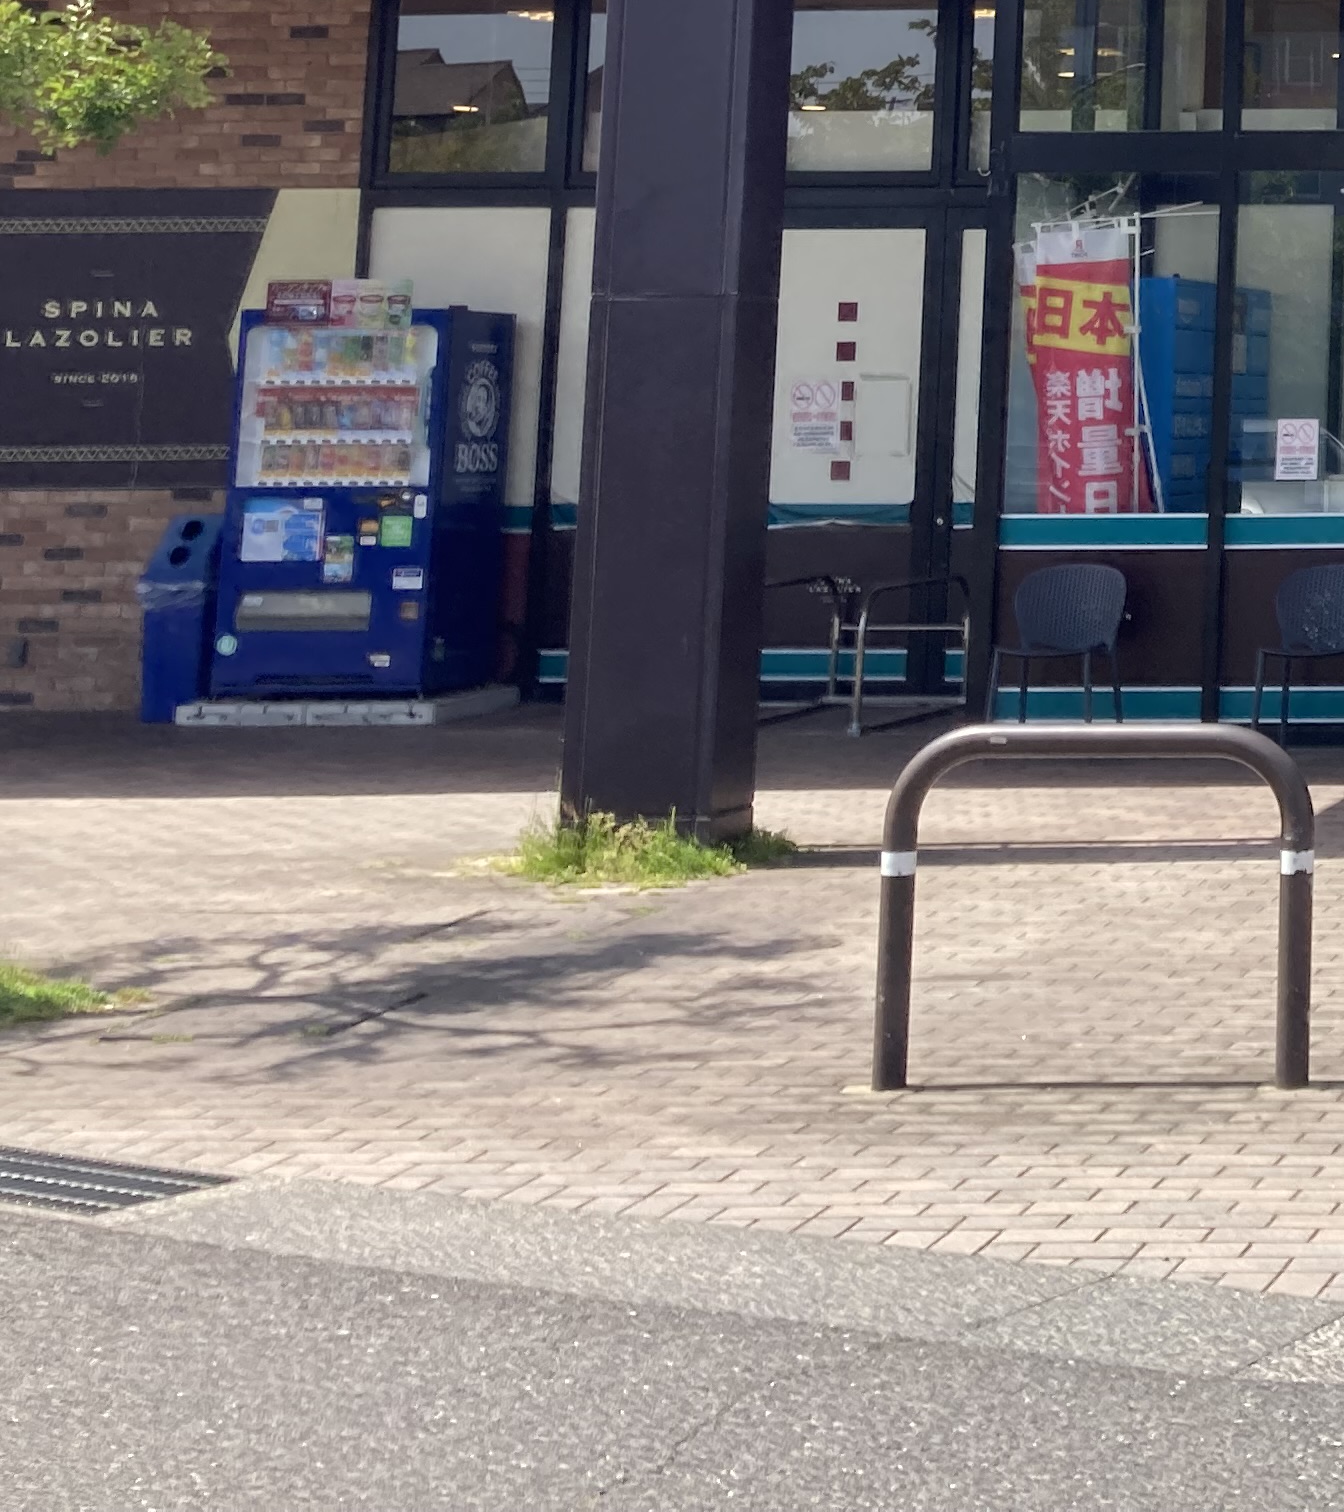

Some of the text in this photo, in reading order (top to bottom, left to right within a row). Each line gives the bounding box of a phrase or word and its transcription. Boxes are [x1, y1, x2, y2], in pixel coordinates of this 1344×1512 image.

[44, 299, 159, 319] SPINA
[5, 327, 193, 348] LAZOLIER
[455, 443, 499, 473] BOSS
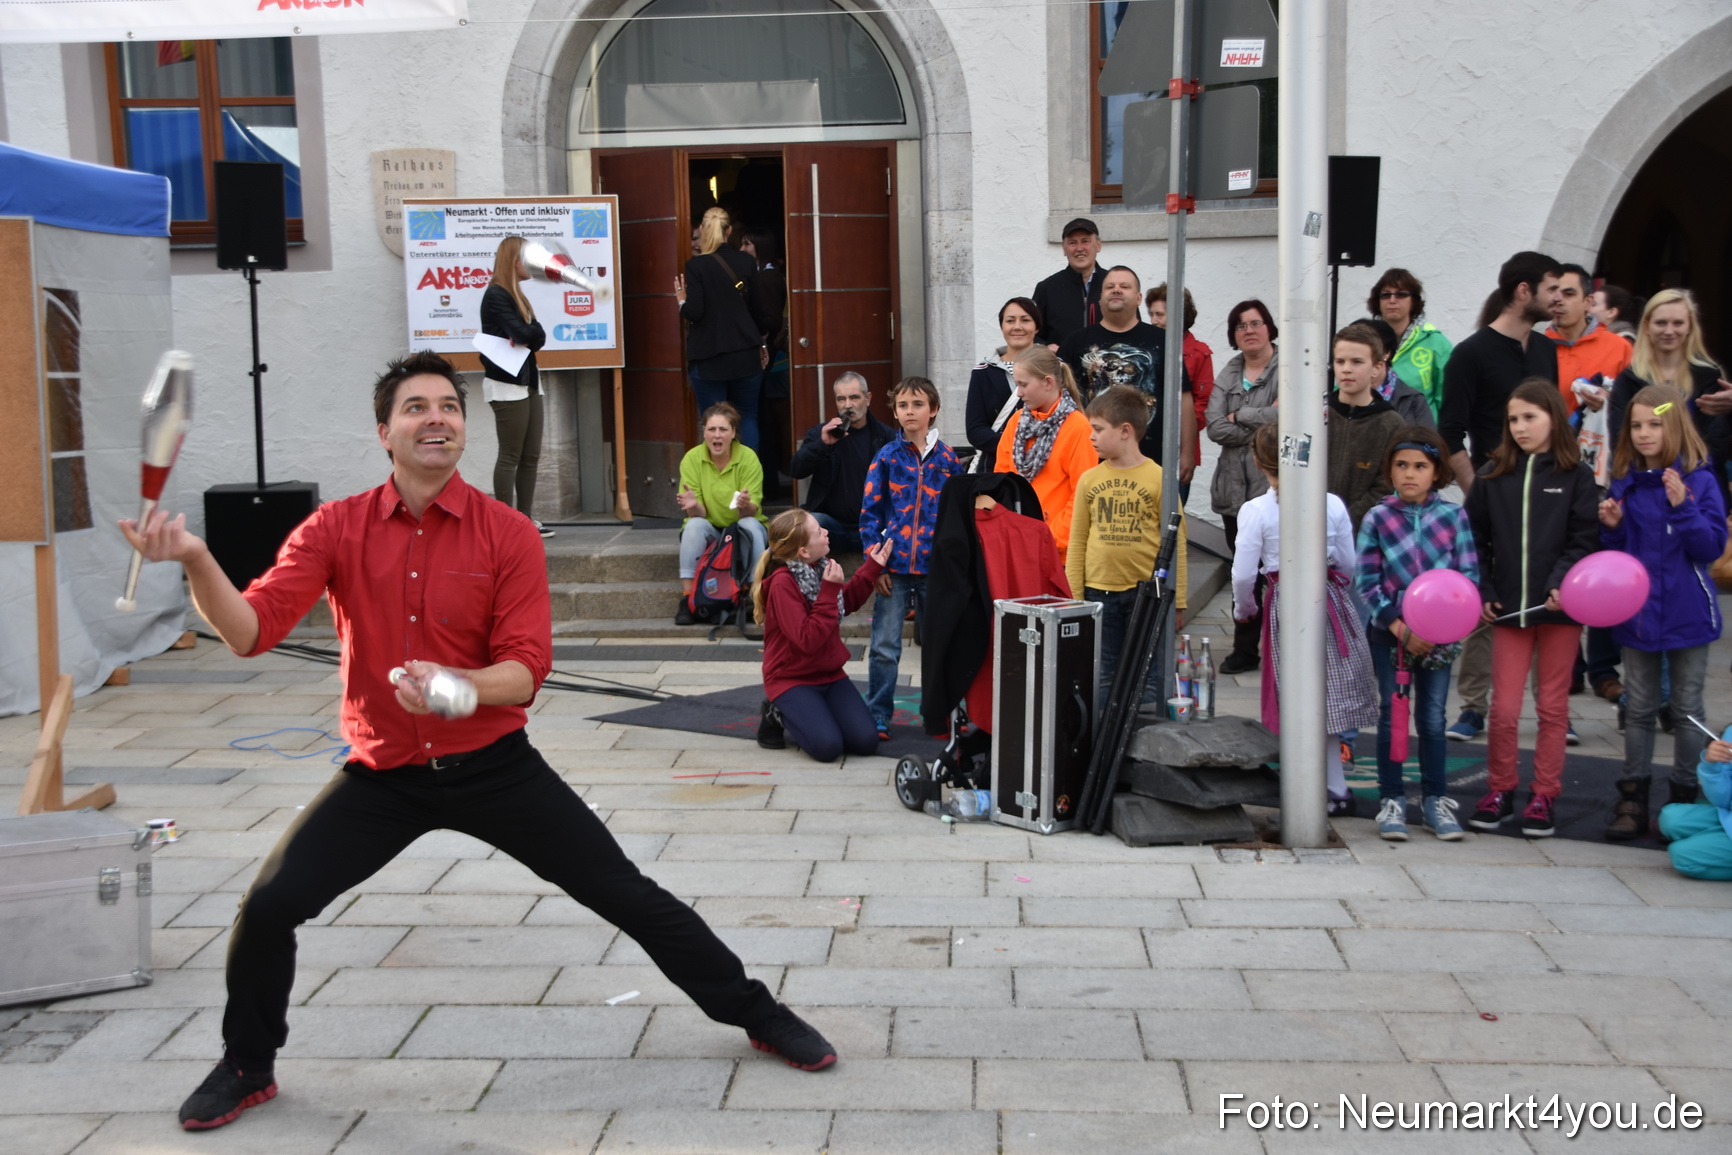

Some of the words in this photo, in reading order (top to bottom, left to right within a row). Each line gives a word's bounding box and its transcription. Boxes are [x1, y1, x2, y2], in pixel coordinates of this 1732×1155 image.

[1222, 53, 1260, 65] HAHN
[383, 160, 444, 172] Rathaus
[445, 207, 487, 216] Neumarkt
[495, 207, 518, 216] Offen
[520, 207, 536, 216] und
[538, 206, 570, 215] inklusiv
[1086, 479, 1138, 504] SUBURBAN
[1098, 497, 1140, 523] Night
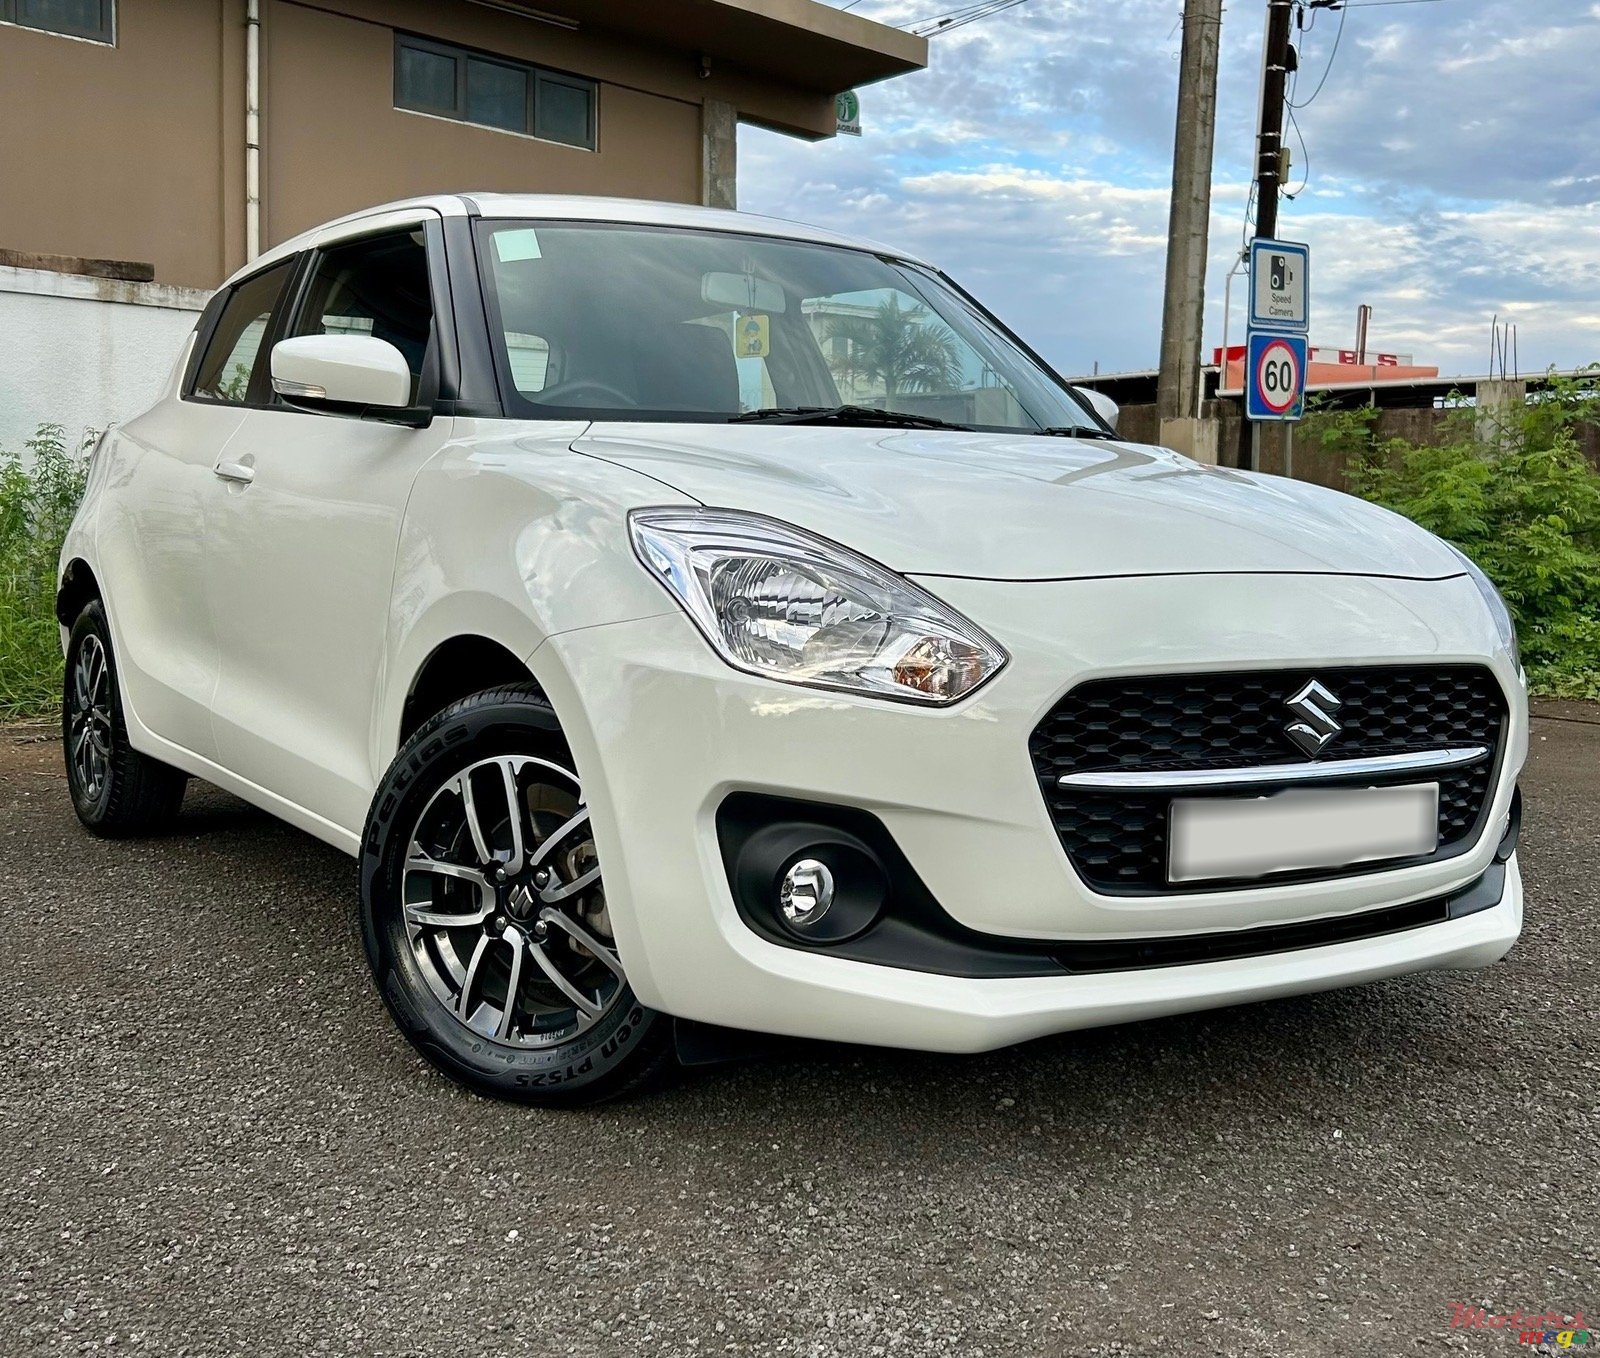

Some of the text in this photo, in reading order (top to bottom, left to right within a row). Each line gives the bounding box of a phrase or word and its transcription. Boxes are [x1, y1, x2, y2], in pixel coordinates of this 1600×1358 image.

[1271, 292, 1292, 305] Speed
[1269, 306, 1293, 317] Camera
[1264, 360, 1292, 392] 60
[366, 723, 468, 857] Petlas
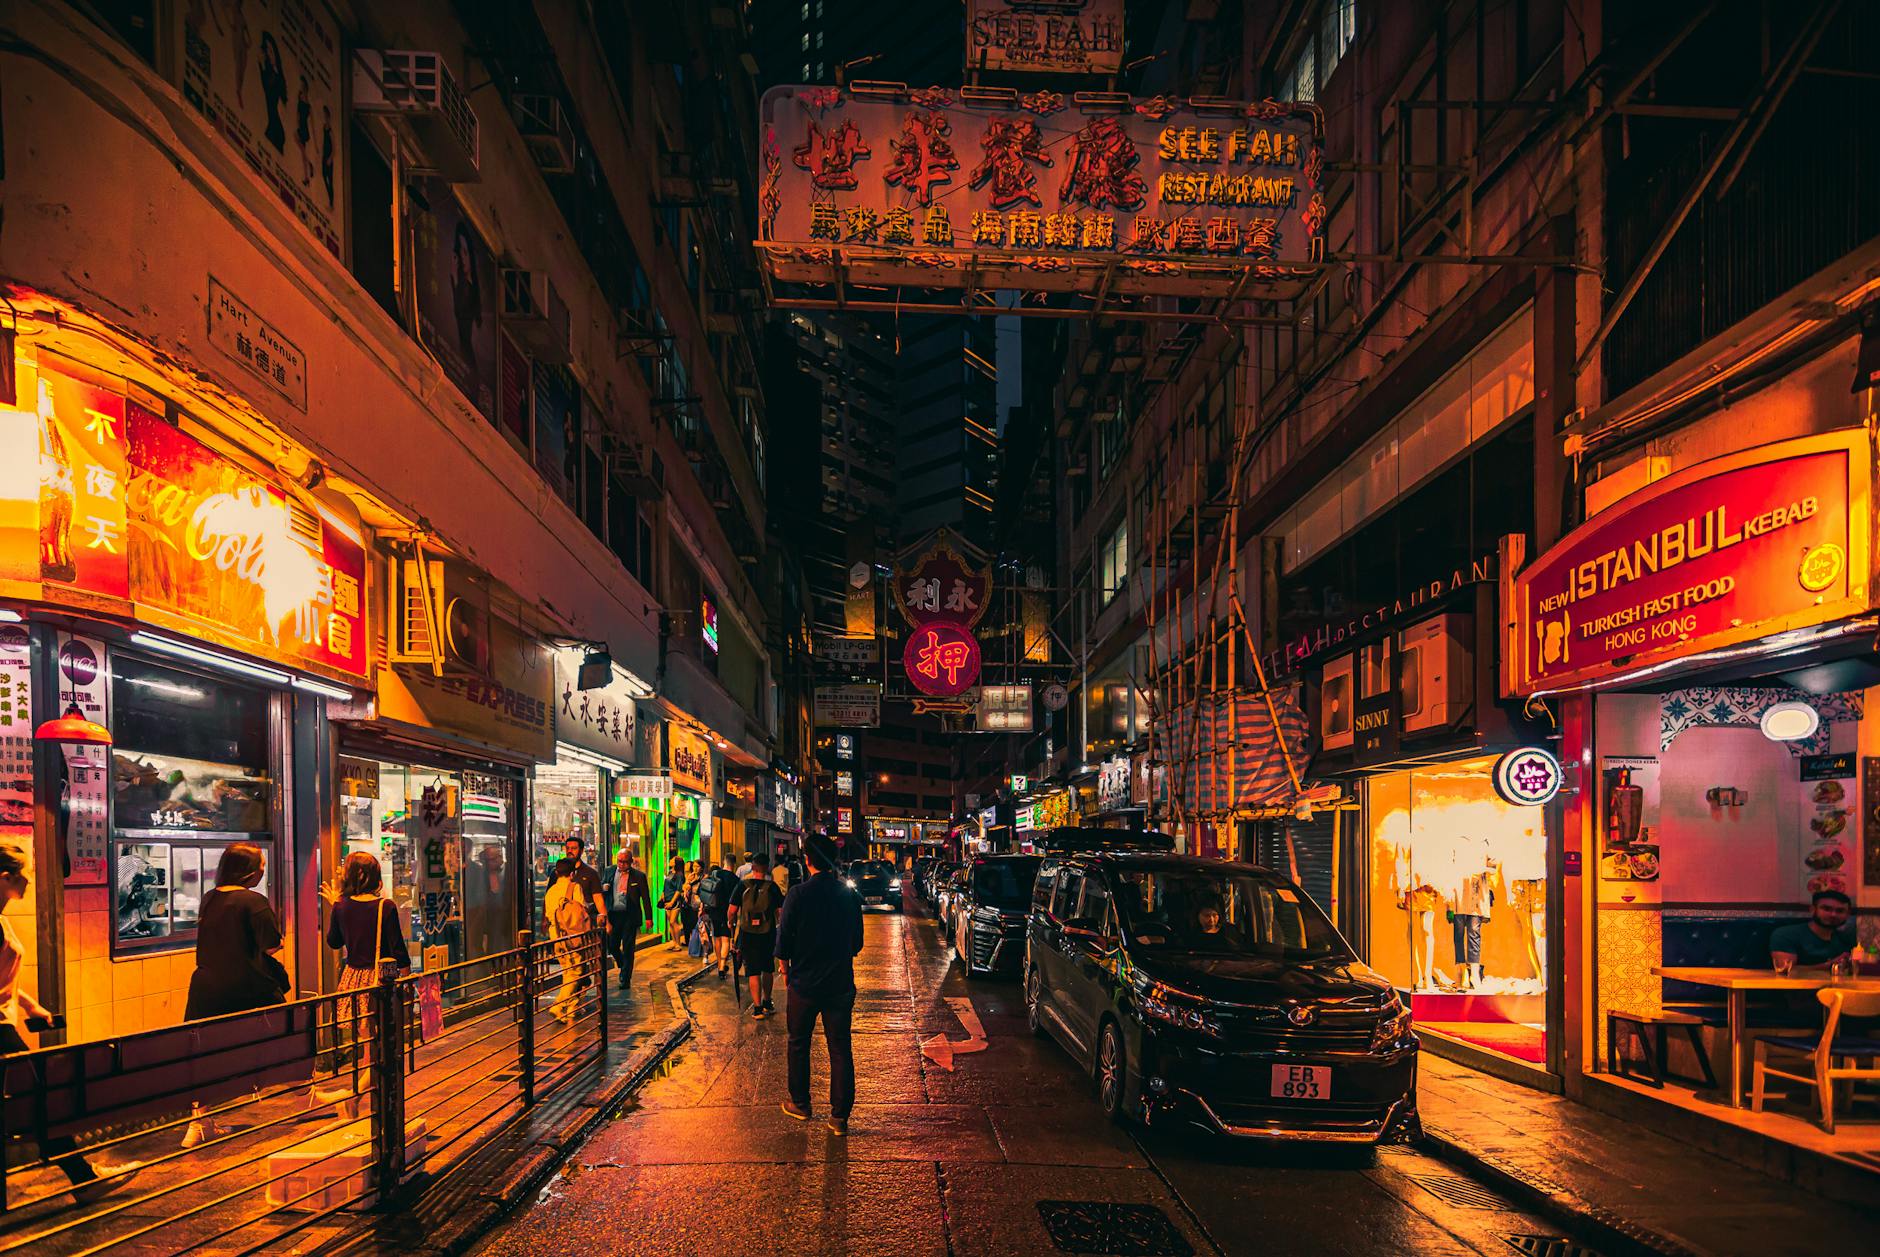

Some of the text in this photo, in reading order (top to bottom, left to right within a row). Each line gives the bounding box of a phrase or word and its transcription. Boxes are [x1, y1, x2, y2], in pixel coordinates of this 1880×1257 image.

[1158, 126, 1297, 165] SEE FAH
[1158, 172, 1296, 206] RESTAURANT
[221, 295, 298, 367] Hart Avenue
[235, 331, 287, 387] 赫德道
[84, 407, 119, 555] 不夜天
[1539, 496, 1819, 615] NEW ISTANBUL KEBAB
[1581, 575, 1736, 638] TURKISH FAST FOOD
[1605, 614, 1697, 651] HONG KONG
[916, 631, 970, 685] 押
[1356, 709, 1389, 731] SINNY
[1283, 1082, 1319, 1098] 893
[1289, 1067, 1314, 1083] EB

────────────────

Instructions for the task: Reproduce the data exactly as it appears above. Pictures are to be left out.

Task answer:
Some of the text in this photo, in reading order (top to bottom, left to right within a row). Each line gives the bounding box of a phrase or word and its transcription. Boxes are [x1, y1, x2, y2], in pixel coordinates of this 1344×1512 image.

[44, 299, 159, 319] SPINA
[5, 327, 193, 348] LAZOLIER
[455, 443, 499, 473] BOSS

Some of the words in this photo, in reading order (top to bottom, left to right within a row). Each line gives a word's bounding box and its transcription. Boxes are [x1, y1, x2, y2], in pixel coordinates of this 1732×1155 image.

[1222, 53, 1260, 65] HAHN
[383, 160, 444, 172] Rathaus
[445, 207, 487, 216] Neumarkt
[495, 207, 518, 216] Offen
[520, 207, 536, 216] und
[538, 206, 570, 215] inklusiv
[1086, 479, 1138, 504] SUBURBAN
[1098, 497, 1140, 523] Night

Some of the text in this photo, in reading order (top to bottom, left to right within a row). Each line gives the bounding box of a phrase or word and its transcription. Boxes are [x1, y1, x2, y2], in pixel coordinates of this 1600×1358 image.

[1271, 292, 1292, 305] Speed
[1269, 306, 1293, 317] Camera
[1264, 360, 1292, 392] 60
[366, 723, 468, 857] Petlas

Some of the text in this photo, in reading order (top to bottom, left to right within a row). Each line gives the bounding box of a phrase or word and its transcription. Boxes are [x1, y1, x2, y2], in pixel coordinates of this 1880×1257 image.

[1158, 126, 1297, 165] SEE FAH
[1158, 172, 1296, 206] RESTAURANT
[221, 295, 298, 367] Hart Avenue
[235, 331, 287, 387] 赫德道
[84, 407, 119, 555] 不夜天
[1539, 496, 1819, 615] NEW ISTANBUL KEBAB
[1581, 575, 1736, 638] TURKISH FAST FOOD
[1605, 614, 1697, 651] HONG KONG
[916, 631, 970, 685] 押
[1356, 709, 1389, 731] SINNY
[1283, 1082, 1319, 1098] 893
[1289, 1067, 1314, 1083] EB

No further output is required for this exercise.